I was quite sure she’d say no, as I’d asked the same question many, many times before, and she’d always said no. She’d left the clinic when she married Howard, and had gone to live on his remote ranch at the end of Caliente Canyon, where she now helped look after horses, cattle, a multitude of reptiles, and eight enormous sea monsters that lived in a huge hidden pool. The sea monsters were Howard and Lynda’s most precious secret, creatures that had never before been seen anywhere in the world, and Lynda was spending prodigal amounts of time trying to decipher the whistles and squeaks that made up their language. I hadn’t asked her about her work lately because it didn’t seem to be going well; the monsters’ language was apparently about as difficult to decipher as their physiologyin other words, impossible. I was very fond of the sea monsters; they were intelligent and personable and extremely friendly, but as a veterinarian, they were my worst nightmare; whenever they were sick, I became a twitching, nervous wreck.
But Lynda didn’t say anything about the importance of spending time with her monsters or about the unreasonable length of the commute to the clinic. Instead she frowned, and said, “Michael, when is Tegan coming back?”
The question put a cold chill of fear into the pit of my stomach. “Well, I don’t know exactly,” I said. “She took a leave of absence. It was something to do with her family. She didn’t seem to know how long it would take.”
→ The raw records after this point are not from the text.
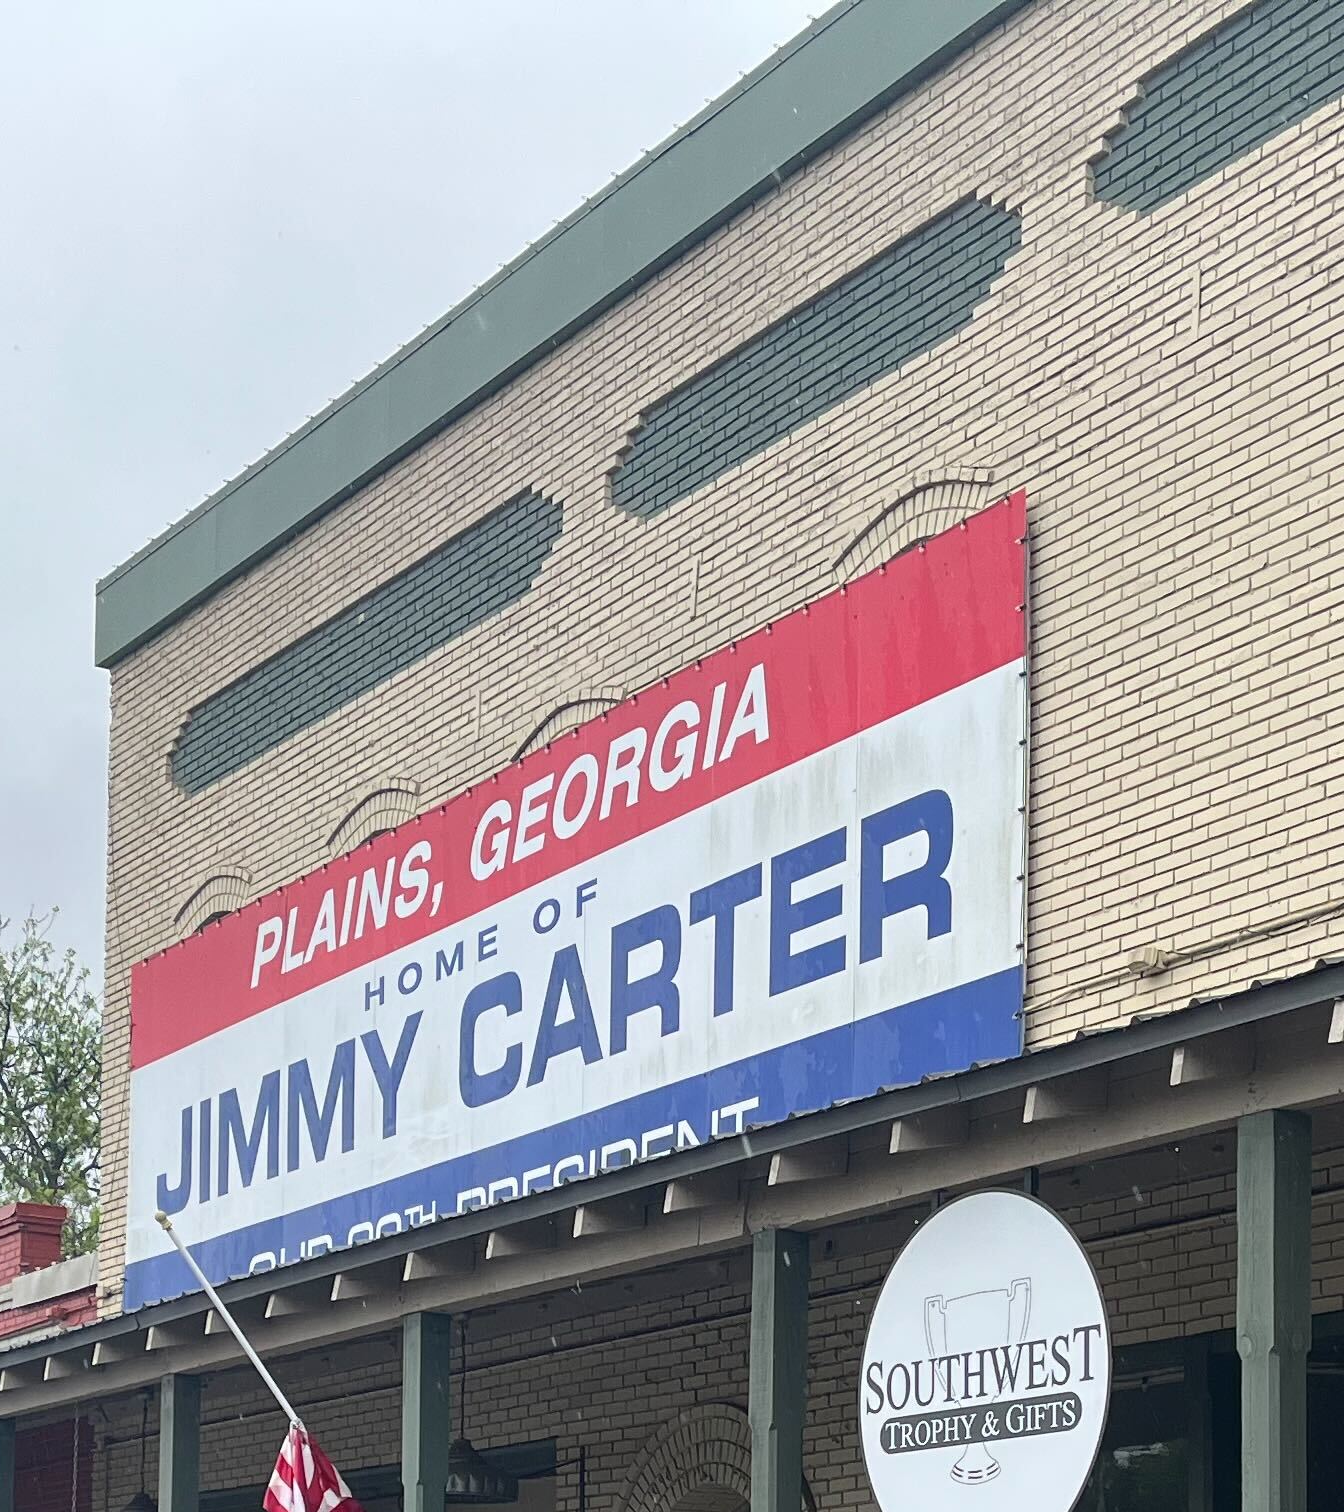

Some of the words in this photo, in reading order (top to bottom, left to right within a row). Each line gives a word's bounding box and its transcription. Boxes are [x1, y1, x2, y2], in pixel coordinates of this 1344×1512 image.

[250, 840, 445, 988] PLAINS,
[469, 662, 770, 882] GEORGIA
[156, 1010, 424, 1215] JIMMY
[458, 789, 954, 1109] CARTER
[364, 924, 498, 1012] HOME
[533, 877, 598, 935] OF
[866, 1323, 1102, 1415] SOUTHWEST
[885, 1413, 977, 1450] TROPHY
[981, 1410, 1000, 1437] &
[1005, 1399, 1076, 1434] GIFTS
“Why don’t you give her a call? Find out how things are going?”
“Well, I can’t.” Saying it out loud made all my fears and insecurities rise to the surface. Why didn’t she leave a phone number or an address? “I don’t have her number.”
“Can you write to her?”
I shook my head. “I don’t have an address.”
“Has she called you?”
“No.”
“Oh, Michael.” There was pity on Lynda’s face, and she laid a hand on mine. “I’m so sorry.”
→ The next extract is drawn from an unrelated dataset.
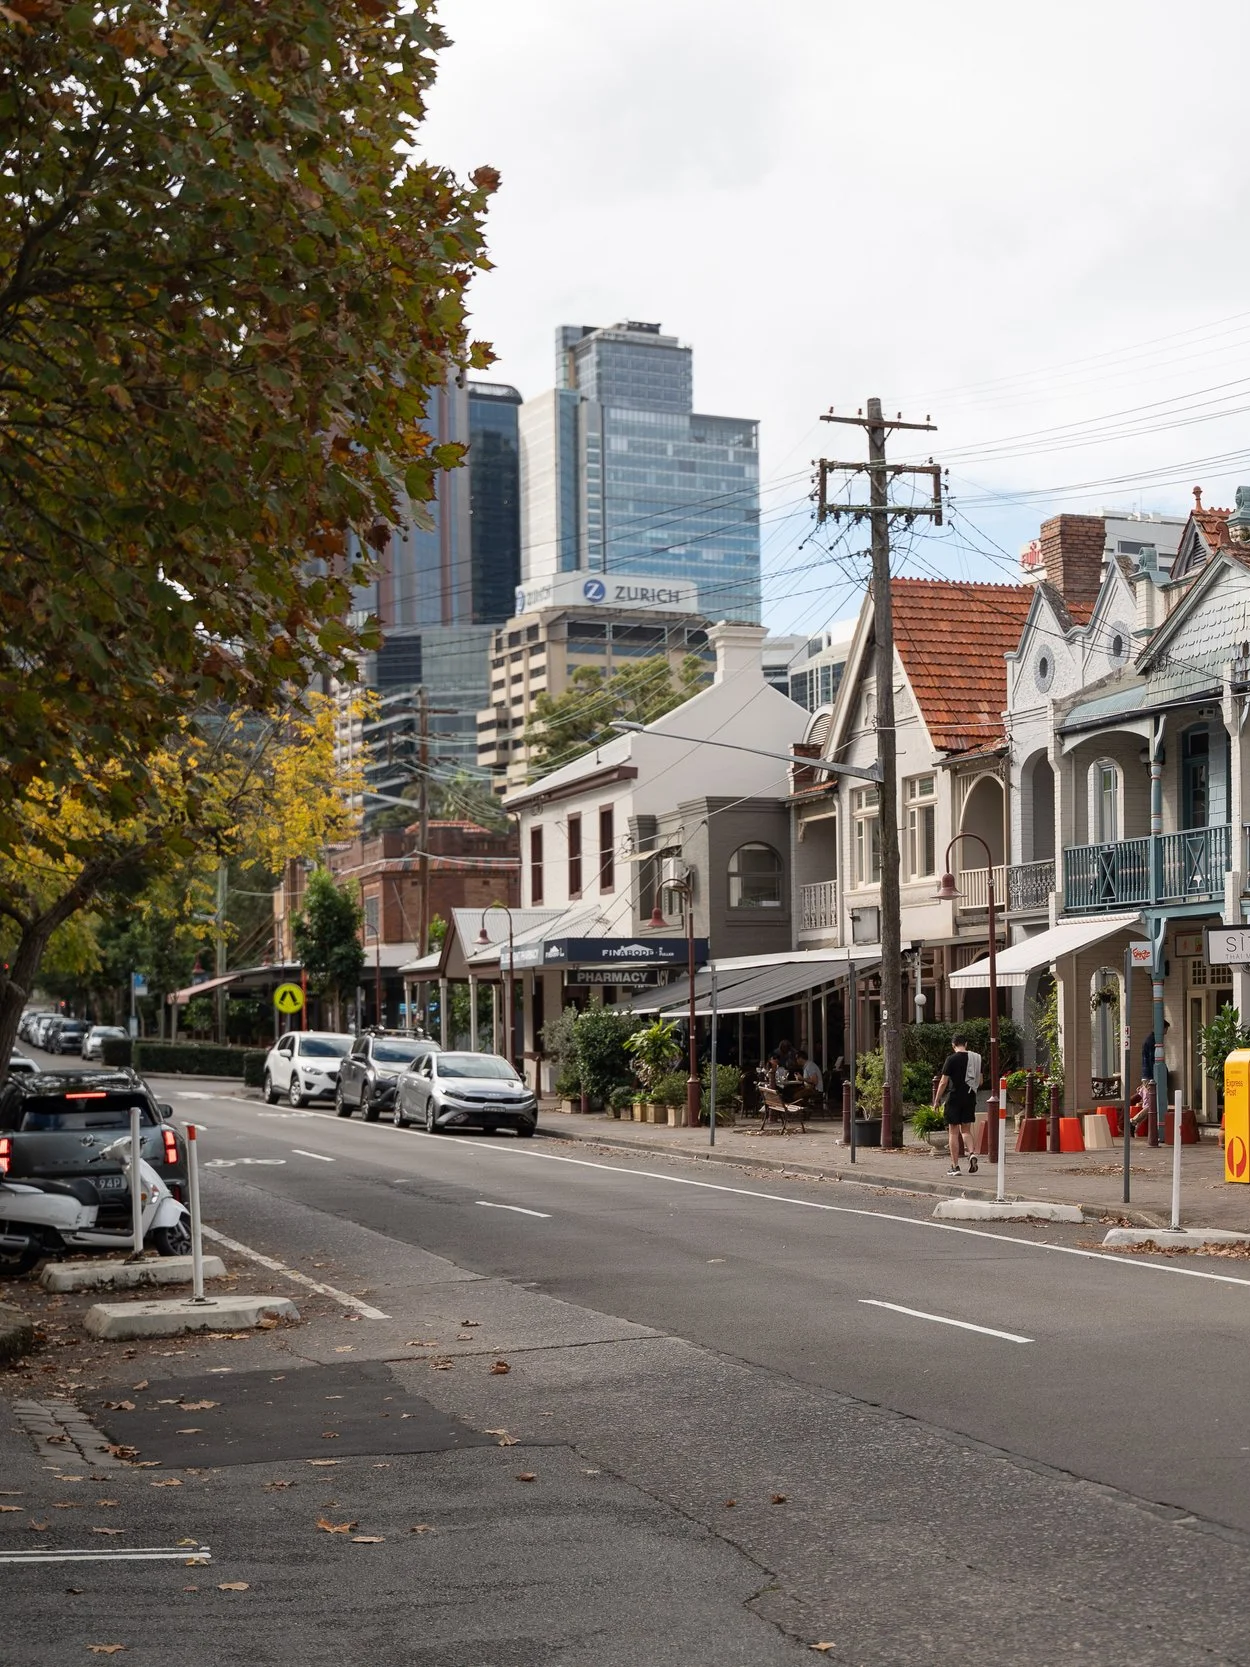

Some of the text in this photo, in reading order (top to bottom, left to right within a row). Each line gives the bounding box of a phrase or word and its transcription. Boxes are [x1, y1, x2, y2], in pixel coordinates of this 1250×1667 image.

[615, 586, 680, 603] ZURICH
[577, 973, 648, 982] PHARMACY
[1226, 1079, 1243, 1088] Express
[1226, 1088, 1237, 1096] Post
“She is coming back,” I said, pulling away from her. “If nothing else, she left her pets in town. She has to come back for them.”
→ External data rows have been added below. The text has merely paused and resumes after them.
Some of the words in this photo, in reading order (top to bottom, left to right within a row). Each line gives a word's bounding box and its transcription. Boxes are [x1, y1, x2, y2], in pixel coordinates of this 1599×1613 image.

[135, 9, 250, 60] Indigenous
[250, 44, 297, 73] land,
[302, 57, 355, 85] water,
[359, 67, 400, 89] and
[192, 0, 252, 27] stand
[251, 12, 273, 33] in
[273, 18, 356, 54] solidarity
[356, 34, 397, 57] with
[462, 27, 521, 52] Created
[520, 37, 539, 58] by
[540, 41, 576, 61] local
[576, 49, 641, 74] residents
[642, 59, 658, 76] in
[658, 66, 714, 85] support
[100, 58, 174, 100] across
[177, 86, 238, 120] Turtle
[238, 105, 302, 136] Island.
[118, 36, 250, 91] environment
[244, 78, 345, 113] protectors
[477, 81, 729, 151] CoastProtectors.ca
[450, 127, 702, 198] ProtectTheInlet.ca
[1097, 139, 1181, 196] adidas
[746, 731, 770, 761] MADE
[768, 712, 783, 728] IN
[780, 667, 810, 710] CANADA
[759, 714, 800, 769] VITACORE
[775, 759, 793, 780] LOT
Lynda looked down, shaking her head. “That’s the thing, Michael. I don’t know how to tell you this.”
“Tell me what?”
“It’s something Howard just found out when he was teaching his poetry class. You remember Adam Brophy, don’t you? The big biker fellow who adopted that nine-foot snake you had?”
“Of course I remember him.” It wasn’t every day you saw a huge bearded biker reciting poetry to a huge snake.
“Well, he has Tegan’s lizards and snakes now. Her plants, too.”
I shrugged. “So he’s pet-sitting.”
Lynda shook her head again. “No, Michael. Adam says Tegan sold them to him. She’s not coming back for them.”
“Oh.” I couldn’t think of anything else to say. Tegan had sold her beloved reptiles? She’d sold her plants? It seemed impossible. She had had a great many plants; her little apartment had been a positive riot of greenery. I’d asked her about them once, and she’d laughed and told me that every time she got depressed, she went out and bought a plant. She’d been joking, of course. Tegan was always bright and cheerful, even when she was cleaning up parvo diarrhea in the isolation room. That brightness was a great part of why I’d fallen in love with her. I could not even imagine her being depressed.
“Lynda?” I said, in a very small voice. “Do you think Tegan was depressed, before she left?”
Lynda looked thoughtful. “I didn’t ever think so,” she said, “but Howard did. It was something he saw when she was in his poetry class, I suppose.”
I was silent. Oh, Tegan. She’d been depressed, and I’d been too moronic to notice even when she’d told me so to my face. And now she was gone. To visit family, she’d said, although I’d never once heard her speak of family before. It was obvious now. I’d pushed too hard, asking her to move in with me, and she’d left because of me. The leave of absence to visit family had been a polite fiction. She was never coming back.
“Michael?” Lynda was looking at me in concern. “Will you be all right?”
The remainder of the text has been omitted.